We introduce AnyUp, a method for feature upsampling that can be applied to any vision feature at any resolution, without encoder-specific training. Existing learning-based upsamplers for features like DINO or CLIP need to be re-trained for every feature extractor and thus do not generalize to different feature types at inference time. In this work, we propose an inference-time feature-agnostic upsampling architecture to alleviate this limitation and improve upsampling quality. In our experiments, AnyUp sets a new state of the art for upsampled features, generalizes to different feature types, and preserves feature semantics while being efficient and easy to apply to a wide range of downstream tasks.

Sat 25 April 7:30 - 7:40 PDT

Generating metamers of human scene understanding

Ritik Raina ⋅ Abe Leite ⋅ Alexandros Graikos ⋅ Seoyoung Ahn ⋅ Dimitris Samaras ⋅ Gregory Zelinsky

Human vision combines low-resolution “gist” information from the visual periphery with sparse but high-resolution information from fixated locations to construct a coherent understanding of a visual scene. In this paper, we introduce MetamerGen, a tool for generating scenes that are aligned with latent human scene representations. MetamerGen is a latent diffusion model that combines peripherally obtained scene gist information with information obtained from scene-viewing fixations to generate image metamers for what humans understand after viewing a scene. Generating images from both high and low resolution (i.e. “foveated”) inputs constitutes a novel image-to-image synthesis problem, which we tackle by introducing a dual-stream representation of the foveated scenes consisting of DINOv2 tokens that fuse detailed features from fixated areas with peripherally degraded features capturing scene context. To evaluate the perceptual alignment of MetamerGen generated images to latent human scene representations, we conducted a same-different behavioral experiment where participants were asked for a “same” or “different” response between the generated and the original image. With that, we identify scene generations that are indeed metamers for the latent scene representations formed by the viewers. MetamerGen is a powerful tool for understanding scene understanding. Our proof-of-concept analyses uncovered specific features at multiple levels of visual processing that contributed to human judgments. While it can generate metamers even conditioned on random fixations, we find that high-level semantic alignment most strongly predicts metamerism when the generated scenes are conditioned on viewers’ own fixated regions.

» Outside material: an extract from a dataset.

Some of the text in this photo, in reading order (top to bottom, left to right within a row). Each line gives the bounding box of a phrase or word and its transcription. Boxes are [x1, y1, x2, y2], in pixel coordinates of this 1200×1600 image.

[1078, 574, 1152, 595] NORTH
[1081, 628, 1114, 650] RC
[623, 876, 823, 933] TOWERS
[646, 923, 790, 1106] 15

Sat 25 April 7:42 - 7:52 PDT

Plug-and-Play Compositionality for Boosting Continual Learning with Foundation Models

Weiduo Liao ⋅ Fei Han ⋅ Hisao Ishibuchi ⋅ Qingfu Zhang ⋅ Ying Wei

Vision learners often struggle with catastrophic forgetting due to their reliance on class recognition by comparison, rather than understanding classes as compositions of representative concepts. This limitation is prevalent even in state-of-the-art continual learners with foundation models and worsens when current tasks contain few classes. Inspired by the recent success of concept-level understanding in mitigating forgetting, we design a universal framework CompSLOT to guide concept learning across diverse continual learners. Leveraging the progress of object-centric learning in parsing semantically meaningful slots from images, we tackle the challenge of learning slot extraction from ImageNet-pretrained vision transformers by analyzing meaningful concept properties. We further introduce a primitive selection and aggregation mechanism to harness concept-level image understanding. Additionally, we propose a method-agnostic self-supervision approach to distill sample-wise concept-based similarity information into the classifier, reducing reliance on incorrect or partial concepts for classification. Experiments show CompSLOT significantly enhances various continual learners and provides a universal concept-level module for the community.